Another band from the tasteful (and tastemaking) Florida indie house of New Granada Records (home to notables The Pauses, Sleepy Vikings, The Tenant, Sunbears and New Roman Times), King of Spain will be coming to town exactly one day after the release of its breath-sappingly named sophomore full-length, All I Did Was Tell Them the Truth and They Thought It Was Hell, which, yes, very nearly eats up the word count here alone. Besides showcasing the project's first LP in four years, this slate of live shows is particularly noteworthy for another reason: Tampa musician Matt Slate's one-man project recently has expanded into a duo with the addition of Daniel Wainwright, who now contributes both bass and songwriting heft.

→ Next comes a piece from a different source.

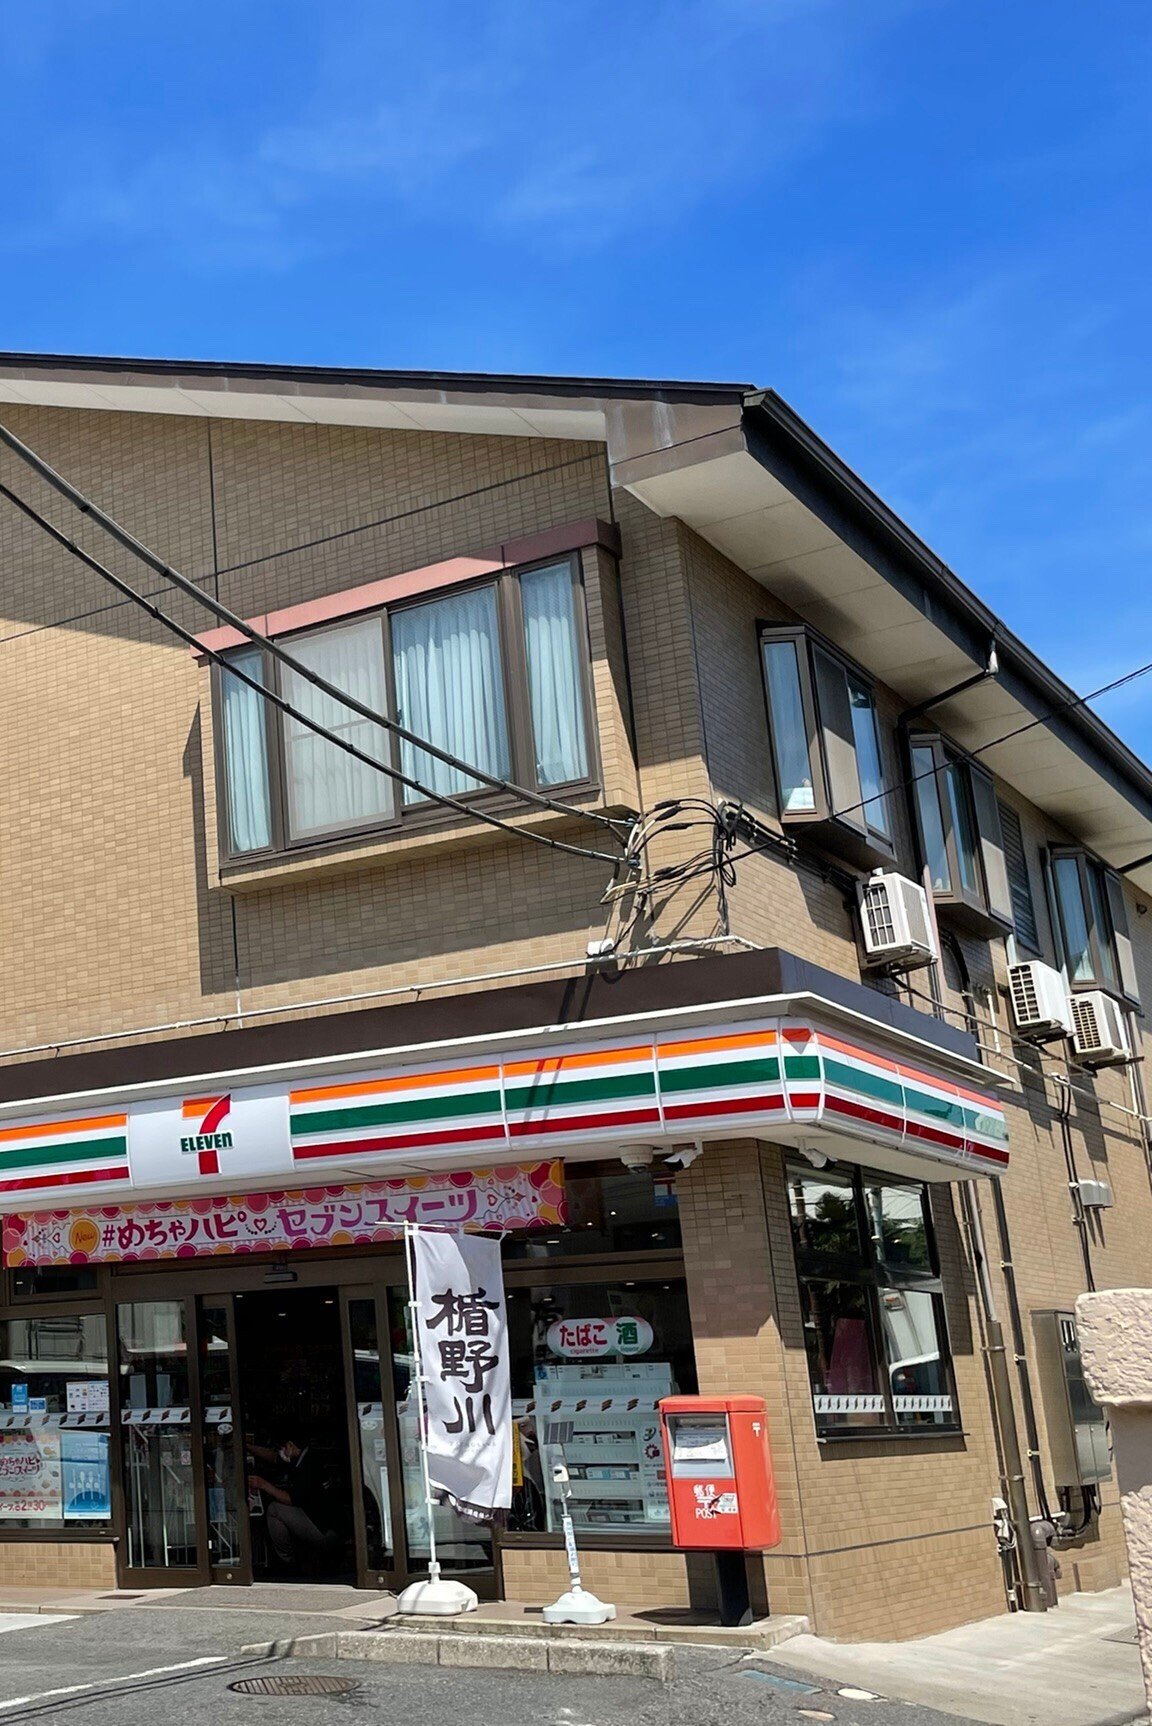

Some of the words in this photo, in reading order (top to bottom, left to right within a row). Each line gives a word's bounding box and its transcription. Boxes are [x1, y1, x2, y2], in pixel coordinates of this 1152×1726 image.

Like a more vocal, less glitchy cousin of The Album Leaf, the atmospheric but distilled pop on King of Spain's new work is a marriage of organic and electronic sounds that steers clear of cheap, bombastic contrast. The record is an eternally twilit work wherein these elements are rendered with enough deftness and maturity to seem like natural complements. Its delicate, halcyon music exists between planes of consciousness, but sleepy it is not.
In fact, the gentle, patiently unfurling style belies the album's well-etched songs. Sure, King of Spain's meditative sounds are suspended amid spindly details and rustic echoes. But more than just pretty patterns, this is moody, abstract music, the child of complete pop ideas. Proof positive lies throughout, in the whispering title track, the softly burning melodic loops of "Perception" and especially the crystalline "Green Eyes"—a gorgeous jaunt that would perfectly soundtrack either the interstate or the trail.